Phrase grounding data:
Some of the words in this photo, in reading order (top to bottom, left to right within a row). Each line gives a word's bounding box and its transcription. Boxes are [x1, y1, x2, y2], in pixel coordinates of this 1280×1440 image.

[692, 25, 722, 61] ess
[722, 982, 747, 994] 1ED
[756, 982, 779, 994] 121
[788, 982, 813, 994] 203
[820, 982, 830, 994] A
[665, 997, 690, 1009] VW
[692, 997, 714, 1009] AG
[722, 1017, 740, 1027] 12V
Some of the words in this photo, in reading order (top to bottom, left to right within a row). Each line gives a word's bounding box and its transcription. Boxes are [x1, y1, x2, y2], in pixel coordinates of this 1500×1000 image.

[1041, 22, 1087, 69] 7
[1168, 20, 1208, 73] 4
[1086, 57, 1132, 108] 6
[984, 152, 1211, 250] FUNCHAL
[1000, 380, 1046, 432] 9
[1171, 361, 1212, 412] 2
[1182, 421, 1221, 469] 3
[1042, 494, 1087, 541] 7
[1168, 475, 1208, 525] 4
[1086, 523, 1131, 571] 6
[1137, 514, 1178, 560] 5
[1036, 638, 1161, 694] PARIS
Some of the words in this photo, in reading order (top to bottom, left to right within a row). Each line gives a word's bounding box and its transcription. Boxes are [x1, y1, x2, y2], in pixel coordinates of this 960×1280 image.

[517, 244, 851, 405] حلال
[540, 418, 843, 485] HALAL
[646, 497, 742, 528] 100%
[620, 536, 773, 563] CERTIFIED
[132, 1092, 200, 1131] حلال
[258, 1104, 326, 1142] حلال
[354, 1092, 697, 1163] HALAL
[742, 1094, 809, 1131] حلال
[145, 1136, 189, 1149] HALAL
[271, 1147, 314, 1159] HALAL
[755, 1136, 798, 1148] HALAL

■ Required work ■
The records above should be copied out again in full, exactly as they appear.

■ Problem solution ■
Some of the words in this photo, in reading order (top to bottom, left to right within a row). Each line gives a word's bounding box and its transcription. Boxes are [x1, y1, x2, y2], in pixel coordinates of this 1280×1440 image.

[692, 25, 722, 61] ess
[722, 982, 747, 994] 1ED
[756, 982, 779, 994] 121
[788, 982, 813, 994] 203
[820, 982, 830, 994] A
[665, 997, 690, 1009] VW
[692, 997, 714, 1009] AG
[722, 1017, 740, 1027] 12V
Some of the words in this photo, in reading order (top to bottom, left to right within a row). Each line gives a word's bounding box and its transcription. Boxes are [x1, y1, x2, y2], in pixel coordinates of this 1500×1000 image.

[1041, 22, 1087, 69] 7
[1168, 20, 1208, 73] 4
[1086, 57, 1132, 108] 6
[984, 152, 1211, 250] FUNCHAL
[1000, 380, 1046, 432] 9
[1171, 361, 1212, 412] 2
[1182, 421, 1221, 469] 3
[1042, 494, 1087, 541] 7
[1168, 475, 1208, 525] 4
[1086, 523, 1131, 571] 6
[1137, 514, 1178, 560] 5
[1036, 638, 1161, 694] PARIS
Some of the words in this photo, in reading order (top to bottom, left to right within a row). Each line gives a word's bounding box and its transcription. Boxes are [x1, y1, x2, y2], in pixel coordinates of this 960×1280 image.

[517, 244, 851, 405] حلال
[540, 418, 843, 485] HALAL
[646, 497, 742, 528] 100%
[620, 536, 773, 563] CERTIFIED
[132, 1092, 200, 1131] حلال
[258, 1104, 326, 1142] حلال
[354, 1092, 697, 1163] HALAL
[742, 1094, 809, 1131] حلال
[145, 1136, 189, 1149] HALAL
[271, 1147, 314, 1159] HALAL
[755, 1136, 798, 1148] HALAL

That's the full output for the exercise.